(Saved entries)
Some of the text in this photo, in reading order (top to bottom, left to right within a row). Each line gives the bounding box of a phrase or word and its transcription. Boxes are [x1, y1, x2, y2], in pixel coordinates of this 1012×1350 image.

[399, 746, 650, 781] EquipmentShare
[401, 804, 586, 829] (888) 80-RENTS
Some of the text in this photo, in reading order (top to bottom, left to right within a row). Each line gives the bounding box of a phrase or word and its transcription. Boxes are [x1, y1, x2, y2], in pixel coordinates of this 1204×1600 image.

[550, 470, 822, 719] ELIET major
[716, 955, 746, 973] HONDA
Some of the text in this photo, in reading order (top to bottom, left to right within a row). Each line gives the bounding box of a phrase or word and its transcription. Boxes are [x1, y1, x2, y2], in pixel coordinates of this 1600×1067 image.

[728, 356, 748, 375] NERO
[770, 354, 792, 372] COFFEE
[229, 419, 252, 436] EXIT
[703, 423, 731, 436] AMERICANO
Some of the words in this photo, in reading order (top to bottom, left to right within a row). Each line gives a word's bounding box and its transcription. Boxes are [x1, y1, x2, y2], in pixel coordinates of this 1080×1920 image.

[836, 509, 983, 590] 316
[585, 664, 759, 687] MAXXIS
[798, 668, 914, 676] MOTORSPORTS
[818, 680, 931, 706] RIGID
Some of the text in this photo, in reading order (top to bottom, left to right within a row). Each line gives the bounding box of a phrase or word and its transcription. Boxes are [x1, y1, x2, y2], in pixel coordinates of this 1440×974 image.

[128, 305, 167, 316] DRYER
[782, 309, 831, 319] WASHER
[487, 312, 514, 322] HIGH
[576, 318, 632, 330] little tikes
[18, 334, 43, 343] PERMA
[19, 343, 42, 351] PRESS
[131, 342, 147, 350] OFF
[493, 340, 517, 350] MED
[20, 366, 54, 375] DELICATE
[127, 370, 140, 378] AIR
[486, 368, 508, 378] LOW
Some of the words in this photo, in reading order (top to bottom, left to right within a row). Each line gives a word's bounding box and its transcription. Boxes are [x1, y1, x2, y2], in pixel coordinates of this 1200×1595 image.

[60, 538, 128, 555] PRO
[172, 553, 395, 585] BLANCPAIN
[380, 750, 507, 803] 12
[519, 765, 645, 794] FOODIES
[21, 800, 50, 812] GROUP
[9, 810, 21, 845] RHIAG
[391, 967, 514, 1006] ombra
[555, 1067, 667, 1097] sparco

- [What you will do]
Set down every entry again, word for word.

- [Response area]
Some of the text in this photo, in reading order (top to bottom, left to right within a row). Each line gives the bounding box of a phrase or word and its transcription. Boxes are [x1, y1, x2, y2], in pixel coordinates of this 1012×1350 image.

[399, 746, 650, 781] EquipmentShare
[401, 804, 586, 829] (888) 80-RENTS
Some of the text in this photo, in reading order (top to bottom, left to right within a row). Each line gives the bounding box of a phrase or word and its transcription. Boxes are [x1, y1, x2, y2], in pixel coordinates of this 1204×1600 image.

[550, 470, 822, 719] ELIET major
[716, 955, 746, 973] HONDA
Some of the text in this photo, in reading order (top to bottom, left to right within a row). Each line gives the bounding box of a phrase or word and its transcription. Boxes are [x1, y1, x2, y2], in pixel coordinates of this 1600×1067 image.

[728, 356, 748, 375] NERO
[770, 354, 792, 372] COFFEE
[229, 419, 252, 436] EXIT
[703, 423, 731, 436] AMERICANO
Some of the words in this photo, in reading order (top to bottom, left to right within a row). Each line gives a word's bounding box and its transcription. Boxes are [x1, y1, x2, y2], in pixel coordinates of this 1080×1920 image.

[836, 509, 983, 590] 316
[585, 664, 759, 687] MAXXIS
[798, 668, 914, 676] MOTORSPORTS
[818, 680, 931, 706] RIGID
Some of the text in this photo, in reading order (top to bottom, left to right within a row). Each line gives the bounding box of a phrase or word and its transcription. Boxes are [x1, y1, x2, y2], in pixel coordinates of this 1440×974 image.

[128, 305, 167, 316] DRYER
[782, 309, 831, 319] WASHER
[487, 312, 514, 322] HIGH
[576, 318, 632, 330] little tikes
[18, 334, 43, 343] PERMA
[19, 343, 42, 351] PRESS
[131, 342, 147, 350] OFF
[493, 340, 517, 350] MED
[20, 366, 54, 375] DELICATE
[127, 370, 140, 378] AIR
[486, 368, 508, 378] LOW
Some of the words in this photo, in reading order (top to bottom, left to right within a row). Each line gives a word's bounding box and its transcription. Boxes are [x1, y1, x2, y2], in pixel coordinates of this 1200×1595 image.

[60, 538, 128, 555] PRO
[172, 553, 395, 585] BLANCPAIN
[380, 750, 507, 803] 12
[519, 765, 645, 794] FOODIES
[21, 800, 50, 812] GROUP
[9, 810, 21, 845] RHIAG
[391, 967, 514, 1006] ombra
[555, 1067, 667, 1097] sparco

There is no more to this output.